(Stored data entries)
=== Begin Enclosure ===

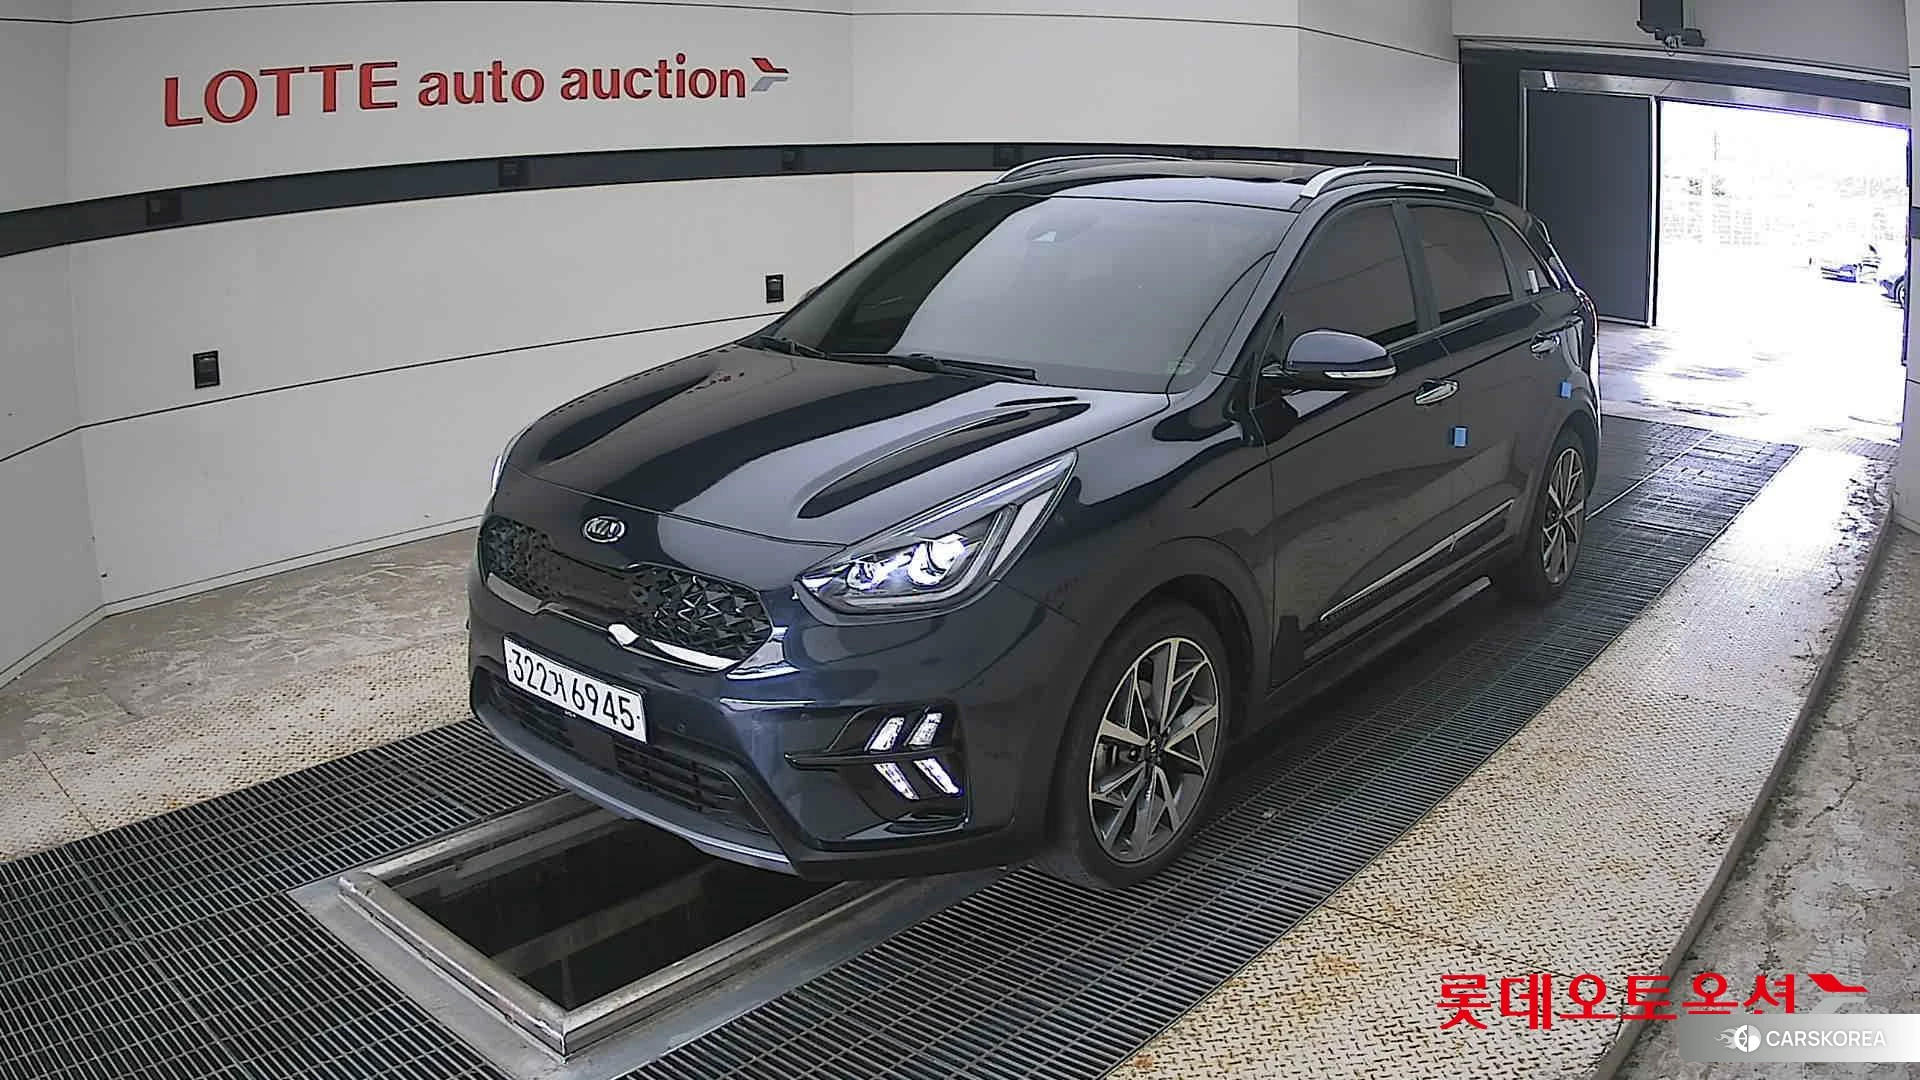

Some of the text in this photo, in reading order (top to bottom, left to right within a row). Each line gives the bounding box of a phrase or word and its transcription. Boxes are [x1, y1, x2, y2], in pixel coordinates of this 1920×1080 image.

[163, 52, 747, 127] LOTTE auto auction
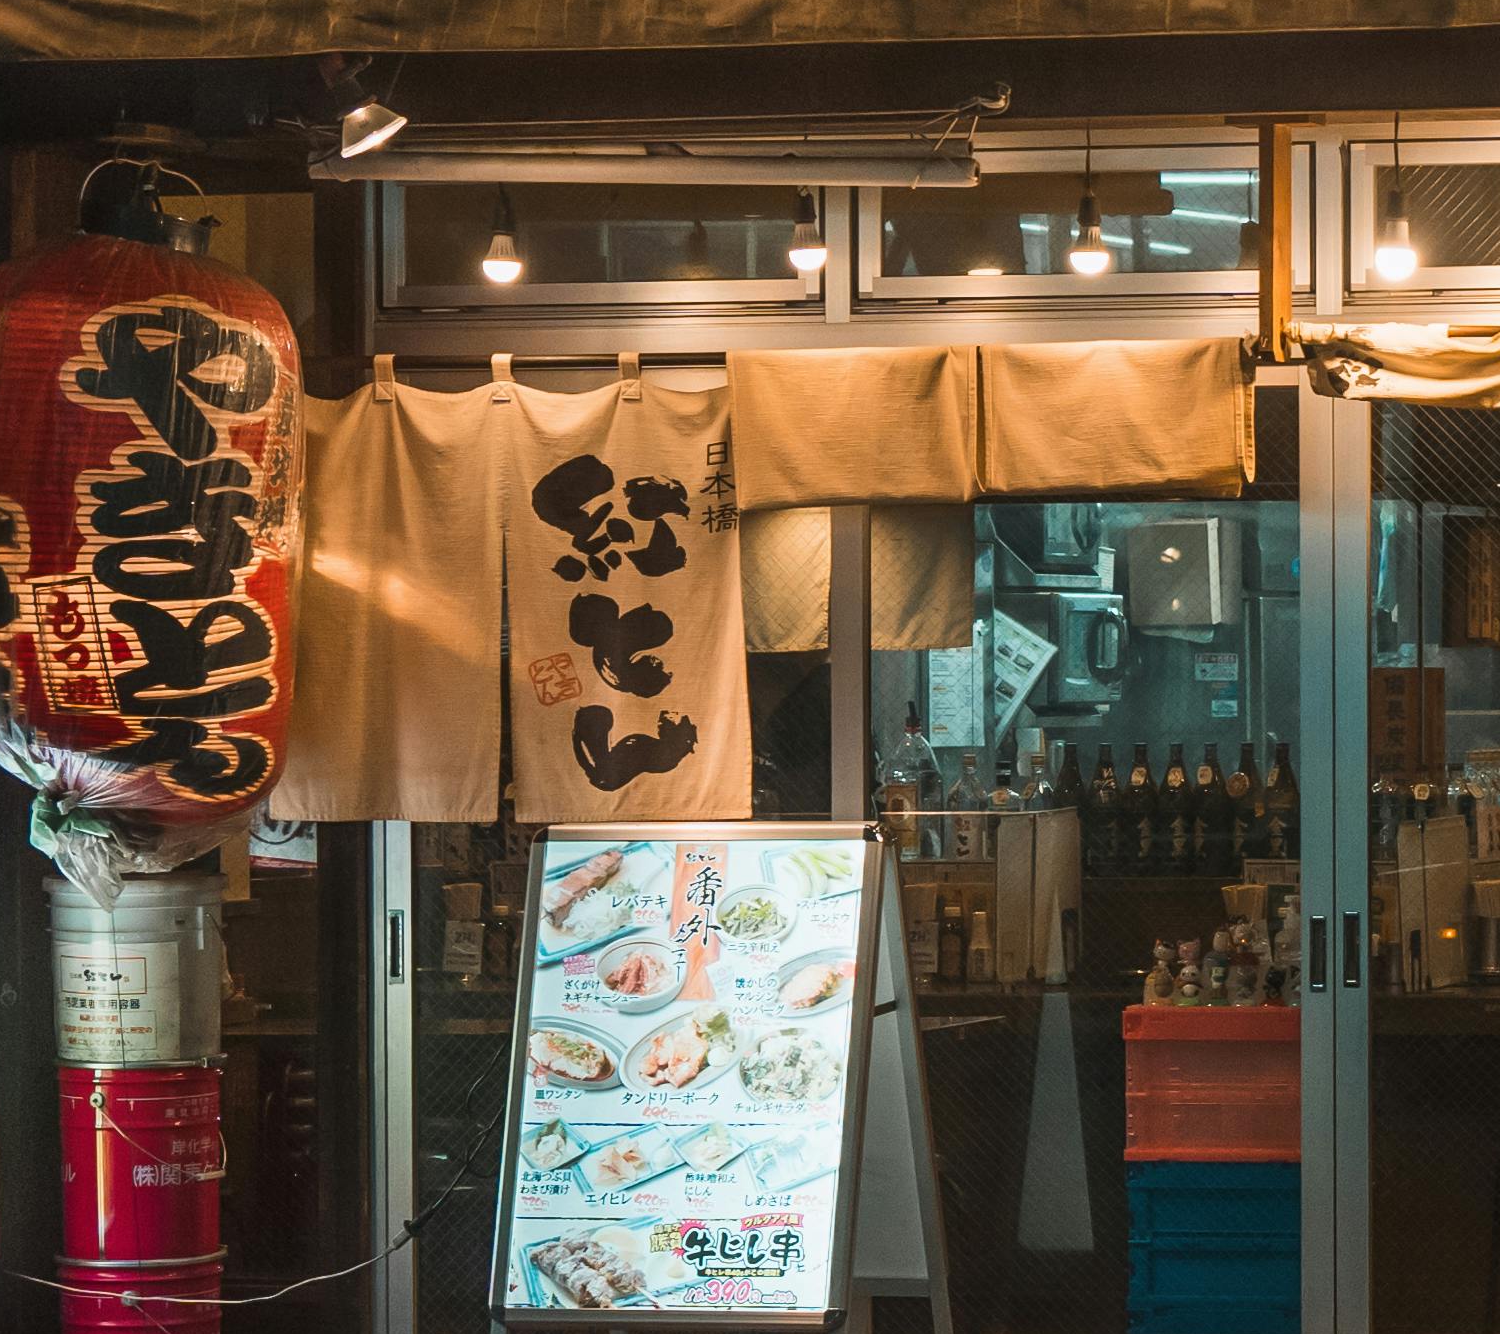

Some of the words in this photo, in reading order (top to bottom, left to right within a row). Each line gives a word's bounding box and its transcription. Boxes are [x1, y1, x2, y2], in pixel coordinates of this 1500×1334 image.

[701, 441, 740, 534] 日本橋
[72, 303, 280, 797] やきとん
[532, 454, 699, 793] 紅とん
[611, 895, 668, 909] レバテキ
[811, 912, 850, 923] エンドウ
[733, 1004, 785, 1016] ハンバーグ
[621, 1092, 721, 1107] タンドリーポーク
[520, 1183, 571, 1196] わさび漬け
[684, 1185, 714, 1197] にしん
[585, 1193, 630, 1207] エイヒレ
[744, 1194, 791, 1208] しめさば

=== End Enclosure ===

**TASK:** What you return should match the records above word for word, minus the pictures.

**EXERCISE SOLUTION:**
Some of the text in this photo, in reading order (top to bottom, left to right within a row). Each line gives the bounding box of a phrase or word and its transcription. Boxes are [x1, y1, x2, y2], in pixel coordinates of this 1920×1080 image.

[163, 52, 747, 127] LOTTE auto auction

Some of the words in this photo, in reading order (top to bottom, left to right within a row). Each line gives a word's bounding box and its transcription. Boxes are [x1, y1, x2, y2], in pixel coordinates of this 1500×1334 image.

[701, 441, 740, 534] 日本橋
[72, 303, 280, 797] やきとん
[532, 454, 699, 793] 紅とん
[611, 895, 668, 909] レバテキ
[811, 912, 850, 923] エンドウ
[733, 1004, 785, 1016] ハンバーグ
[621, 1092, 721, 1107] タンドリーポーク
[520, 1183, 571, 1196] わさび漬け
[684, 1185, 714, 1197] にしん
[585, 1193, 630, 1207] エイヒレ
[744, 1194, 791, 1208] しめさば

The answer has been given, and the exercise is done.